On the waveforms of gravitationally lensed gravitational waves

TL;DR

This paper studies how strong gravitational lensing affects the waveforms of gravitational waves, revealing unique distortions for different image types that can help identify lensing effects and improve understanding of the lensing objects.

Contribution

It demonstrates that lensing-induced waveform distortions can be characterized as specific rotations of the line of sight and are distinguishable among multiple images, providing new tools for lensing analysis.

Findings

Type-II images exhibit waveform distortions equivalent to a 45° rotation of the line of sight.

Type-III images preserve waveform shape but with a sign flip.

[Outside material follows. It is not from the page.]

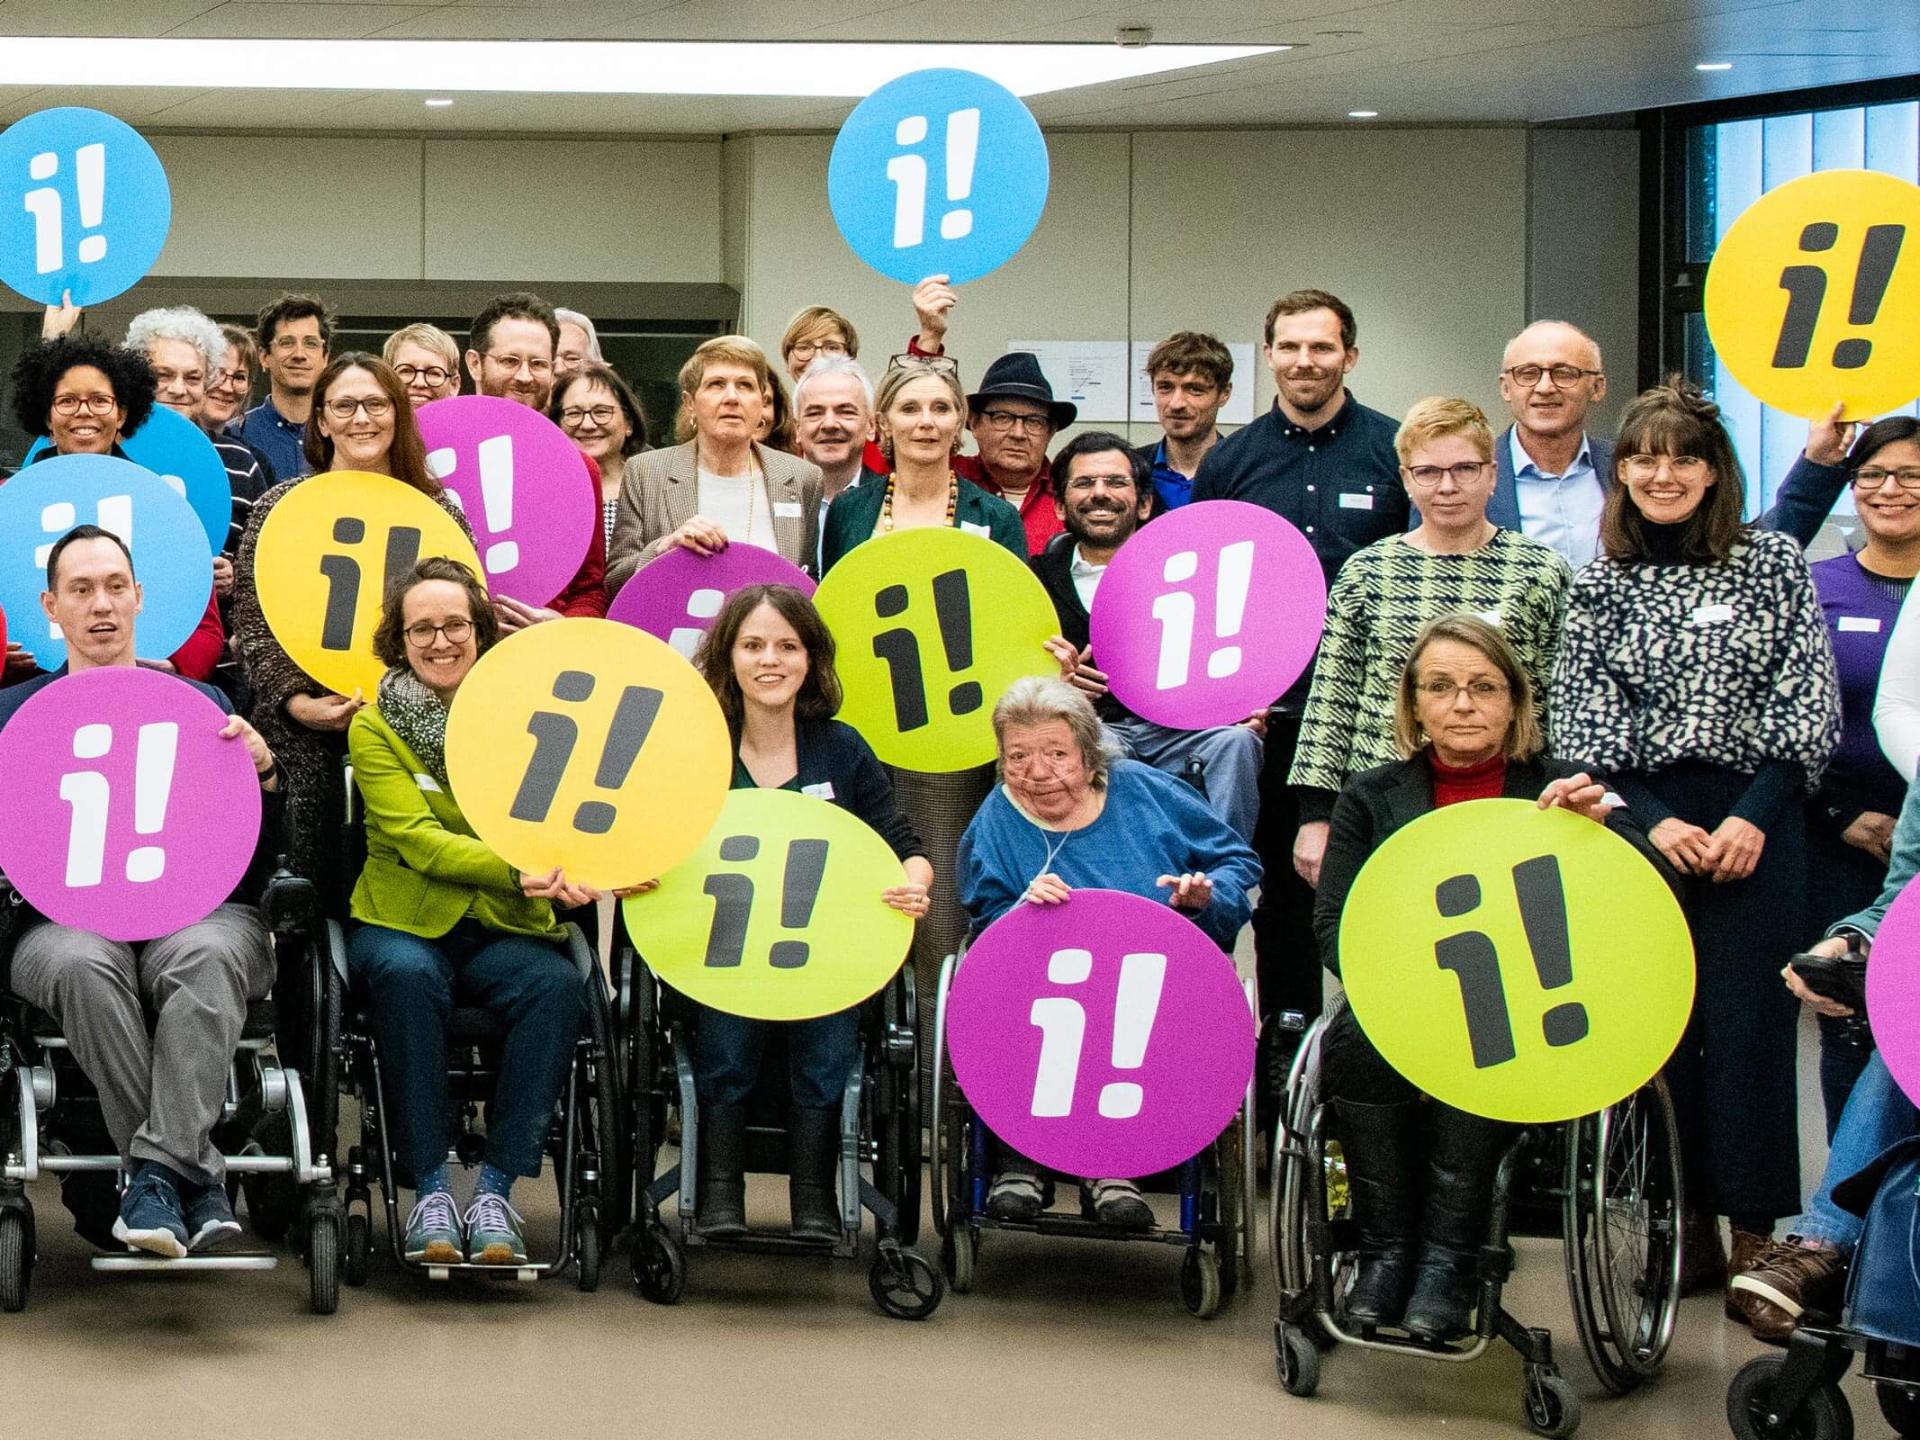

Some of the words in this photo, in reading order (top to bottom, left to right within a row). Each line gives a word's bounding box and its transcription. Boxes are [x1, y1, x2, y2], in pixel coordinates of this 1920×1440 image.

Distortions in eccentric binaries are distinct from changes in orbital parameters.

Abstract

Strong lensing by intervening galaxies can produce multiple images of gravitational waves from sources at cosmological distances. These images acquire additional phase-shifts as the over-focused wavefront passes through itself along the line of sight. Time domain waveforms of Type-II images (associated with saddle points of the time delay) exhibit a non-trivial distortion from the unlensed waveforms. This phenomenon is in addition to the usual frequency-independent magnification, and happens even in the geometric limit where the wavelength is much shorter than the deflector's gravitational length scale. Similarly, Type-III images preserve the original waveform's shape but exhibit a sign flip. We show that for non-precessing binaries undergoing circular inspiral and merger, these distortions are equivalent to rotating the line of sight about the normal to the orbital plane by $45^\circ$ (Type II) and $90^\circ$ (Type III). This effect will enable us to distinguish between the different topological types among a set of multiple images, and give us valuable insight into the lens model. Furthermore, we show that for eccentric binaries, the waveform of a Type-II image is distorted in a manner that is inequivalent to a change of the source's orbital parameters.